Enquanto o Saeb é amostral, outras avaliações, como a Prova Brasil, são censitárias: todas as escolas são avaliadas. É preciso estar muito mais perto da escola. Ou seja, a crítica de que a escola não se apropria dos resultados é pertinente. Mas, será que a escola tomaria a iniciativa de usar o resultado se não houvesse a decisão institucional de realizar a prova? Há muito ou quase tudo a se fazer em relação à escola, mas não posso criticar a idéia inicial da geração do resultado. Há esforços na relação com os sistemas, mas ainda há pouquíssimo esforço para auxiliar a escola para se apropriar disso.
Quais são esses esforços em relação aos sistemas?
Quais são os indicadores de sucesso de um sistema? Em primeiro lugar, criaram-se vagas para todos, o que se afere pelo censo demográfico. Outro indicador é o de fluxo. Se os jovens matriculados permanecem na escola e concluem as etapas. São dados do censo escolar. Nessas duas dimensões, acesso e fluxo, há instrumentos que criaram a possibilidade de, em qualquer sistema, saber quantas são as pessoas, por exemplo, de 15 a 17 anos que não estão na escola. É uma informação importante. É impossível gerenciar um sistema municipal de educação sem saber quem está ou não está na escola. É um problema resolvido do ponto de vista da disponibilização de informação. Mas ainda sem solução, porque quem está na ponta ainda não sabe que o dado existe e pode ser usado com tanta facilidade. No caso do desempenho, estamos muito aquém. Só a partir da Prova Brasil é que todos os sistemas têm o resultado de seus alunos.

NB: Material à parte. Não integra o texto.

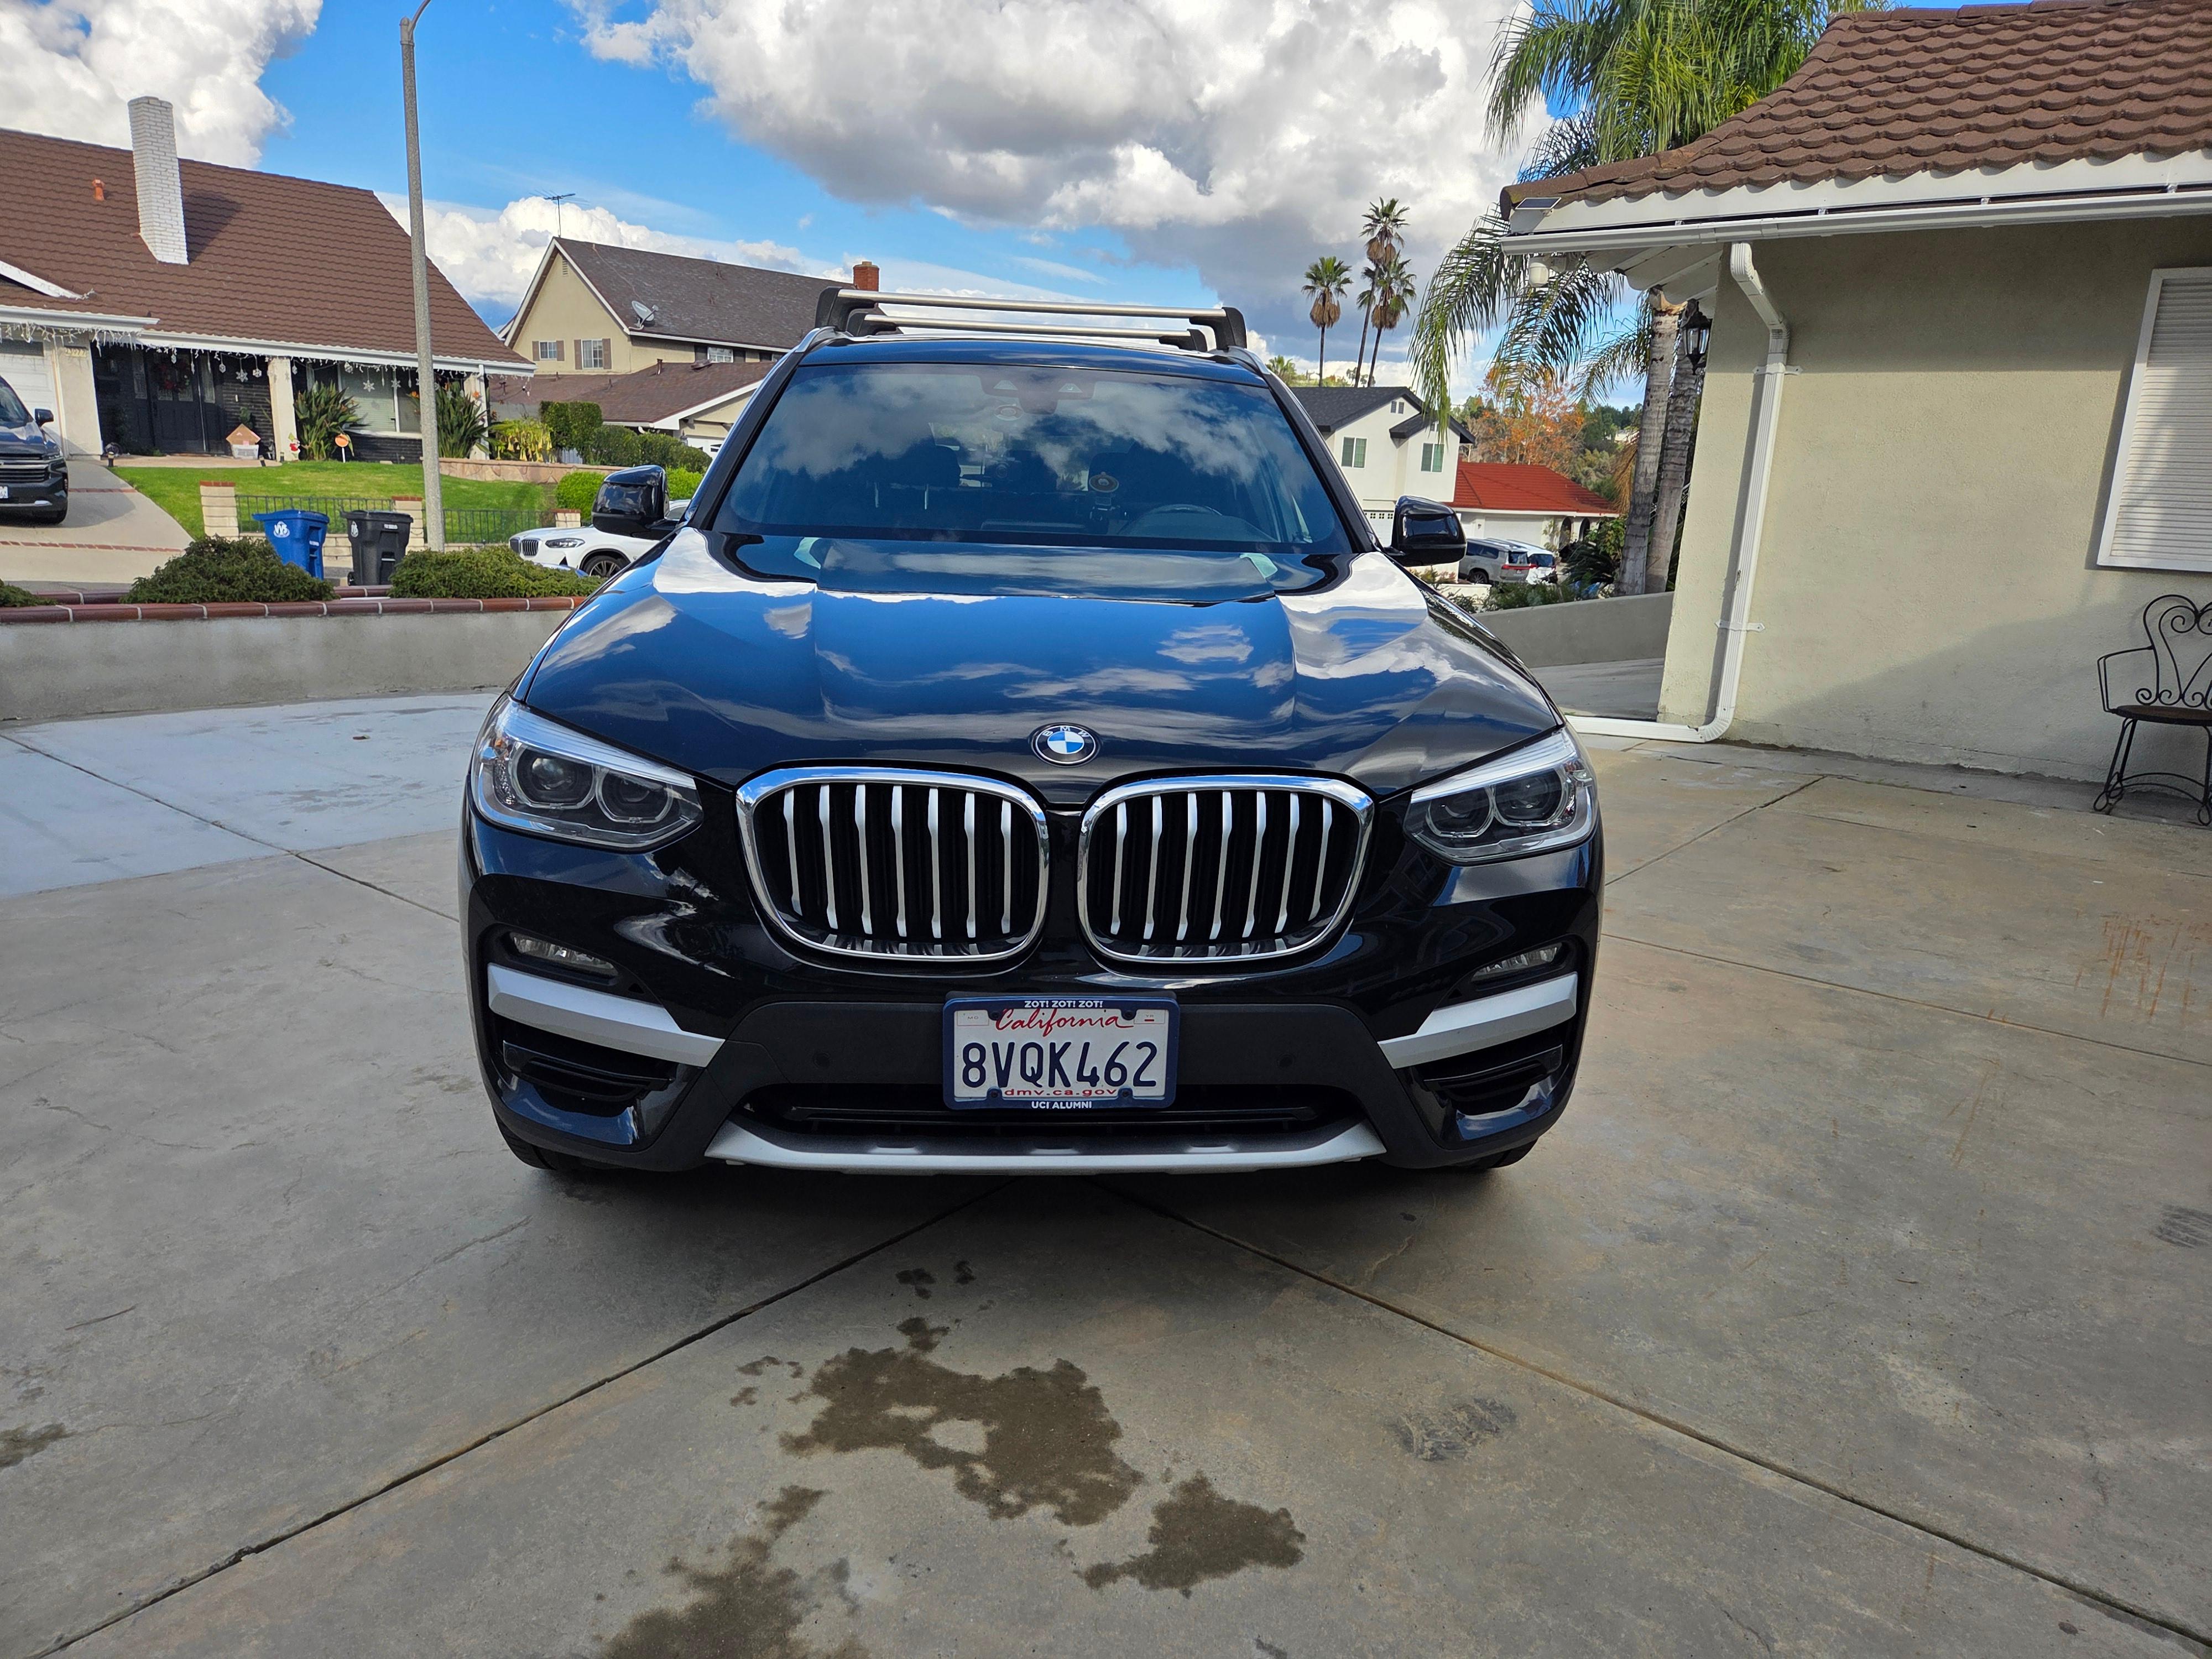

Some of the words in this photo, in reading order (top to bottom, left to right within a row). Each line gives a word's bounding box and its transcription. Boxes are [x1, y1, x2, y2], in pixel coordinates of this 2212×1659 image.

O que fazer para, ao mesmo tempo, oferecer uma educação de qualidade para todos e formar elites intelectuais que garantam o desenvolvimento científico e no campo das idéias?
O que temos de garantir é que tenhamos uma sociedade democrática. E, numa sociedade democrática, é preciso que haja pessoas capazes de incorporar e desenvolver a ciência e a tecnologia, necessidades de todos. Temos de separar isso de forma clara: o que é o acesso para todos e o que nós, como sociedade, precisamos. O que não pode ocorrer, entretanto, é que a elite cognitiva tenha uma única cor, uma única origem social. Os sistemas públicos não devem sacrificar os nossos Ronaldinhos, senão, outros os usarão. É perfeitamente compatível com o sistema educacional democrático o acesso e uma formação básica com as mesmas expectativas para todos, mas também um cuidado para que as excelências frutifiquem. Temos isso, de certa forma, nas escolas técnicas federais e estaduais, que fazem exames duros de seleção. Os melhores resultados no Enem são de alunos dessas escolas. O que não podemos aceitar é que o sistema público seja todo baseado na seleção.
Como fazer, então?
É preciso que, no sistema público, se ofereçam oportunidades diferenciadas para aqueles que querem e demonstrem habilidade. Nessas escolas, o projeto pedagógico tem de evidenciar a inteligência do convívio, e dizer a seus alunos que a oportunidade não se deve apenas ao mérito da pessoa, mas também a uma decisão social. Esse é um ponto que precisamos trazer para a discussão, que desapareceu do debate pedagógico como se fosse ilegítimo. Não faz sentido que só a classe média, que pode tomar a decisão de atravessar a cidade para levar os filhos para escolas específicas, selecione. Todos deveriam ter isso. O que não dá é para classificar todas as escolas pelo mérito dos alunos. É difícil encontrar esse equilíbrio. Mas já temos as experiências dos colégios de aplicação das universidades, das escolas técnicas e de algumas iniciativas privadas. Certamente, um equilíbrio pode ser encontrado.